A Self-Directed Method for Cell-Type Identification and Separation of Gene Expression Microarrays

Abstract
Gene expression analysis is generally performed on heterogeneous tissue samples consisting of multiple cell types. Current methods developed to separate heterogeneous gene expression rely on prior knowledge of the cell-type composition and/or signatures - these are not available in most public datasets. We present a novel method to identify the cell-type composition, signatures and proportions per sample without need for a-priori information. The method was successfully tested on controlled and semi-controlled datasets and performed as accurately as current methods that do require additional information. As such, this method enables the analysis of cell-type specific gene expression using existing large pools of publically available microarray datasets. Gene expression microarrays are widely used to uncover biological insights.
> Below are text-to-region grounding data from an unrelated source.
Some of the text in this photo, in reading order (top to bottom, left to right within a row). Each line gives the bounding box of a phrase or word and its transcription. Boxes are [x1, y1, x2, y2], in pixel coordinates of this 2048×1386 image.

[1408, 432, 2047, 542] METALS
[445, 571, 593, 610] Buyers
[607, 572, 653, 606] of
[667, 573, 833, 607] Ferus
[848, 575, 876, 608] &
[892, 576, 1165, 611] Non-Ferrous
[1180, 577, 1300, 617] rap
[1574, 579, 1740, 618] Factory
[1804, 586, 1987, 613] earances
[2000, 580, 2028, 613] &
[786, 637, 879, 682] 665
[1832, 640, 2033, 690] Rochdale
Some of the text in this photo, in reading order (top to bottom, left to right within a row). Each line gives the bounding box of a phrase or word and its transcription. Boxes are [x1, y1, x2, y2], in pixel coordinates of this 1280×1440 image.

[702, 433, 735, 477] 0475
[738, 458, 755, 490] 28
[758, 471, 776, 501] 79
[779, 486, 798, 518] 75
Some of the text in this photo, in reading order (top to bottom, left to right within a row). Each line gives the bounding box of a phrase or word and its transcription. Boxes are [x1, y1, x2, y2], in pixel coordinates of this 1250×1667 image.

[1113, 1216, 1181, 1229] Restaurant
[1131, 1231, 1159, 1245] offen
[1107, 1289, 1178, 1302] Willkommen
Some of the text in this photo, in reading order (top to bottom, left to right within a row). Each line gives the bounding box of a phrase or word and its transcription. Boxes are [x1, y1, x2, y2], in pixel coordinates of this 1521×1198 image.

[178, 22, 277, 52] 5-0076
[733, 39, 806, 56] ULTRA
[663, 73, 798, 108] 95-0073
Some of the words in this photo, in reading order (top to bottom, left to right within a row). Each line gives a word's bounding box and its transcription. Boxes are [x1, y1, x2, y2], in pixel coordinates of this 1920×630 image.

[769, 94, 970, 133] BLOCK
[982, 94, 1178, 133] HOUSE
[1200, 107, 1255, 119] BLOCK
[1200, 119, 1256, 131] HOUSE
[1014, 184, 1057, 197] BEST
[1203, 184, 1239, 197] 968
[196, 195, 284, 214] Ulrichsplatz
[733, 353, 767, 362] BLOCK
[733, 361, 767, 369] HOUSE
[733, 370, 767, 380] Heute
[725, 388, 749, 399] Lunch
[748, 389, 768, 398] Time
Most microarray experiments profile whole tissues containing mixtures of multiple cell-types. As such, gene expression differences between samples may be due to different cellular compositions or biological differences, highly limiting the conclusions derived from the analysis. All current approaches to computationally separate the heterogeneous gene expression to individual cell-types require that the identity, relative amount of the cell-types in the tissue or their individual gene expression are known. Publically available microarray-based datasets, which include thousands of patient samples, do not usually measure this information, rendering existing separation methods unusable. We developed a novel approach to estimate the number of cell-types, identities, individual gene expression and relative proportions in heterogeneous tissues with no a-priori information except for an initial estimate of the cell-types in the tissue analyzed and general reference signatures of these cell-types that may be easily obtained from public databases. We successfully applied our method to microarray datasets, yielding highly accurate estimations, which often exceed the performance of separation methods that require prior information. Thus, our method can be accurately applied to any heterogeneous dataset, where re-examination and analysis of the individual cell-types in the heterogeneous tissue can aid in discovering new aspects regarding these diseases.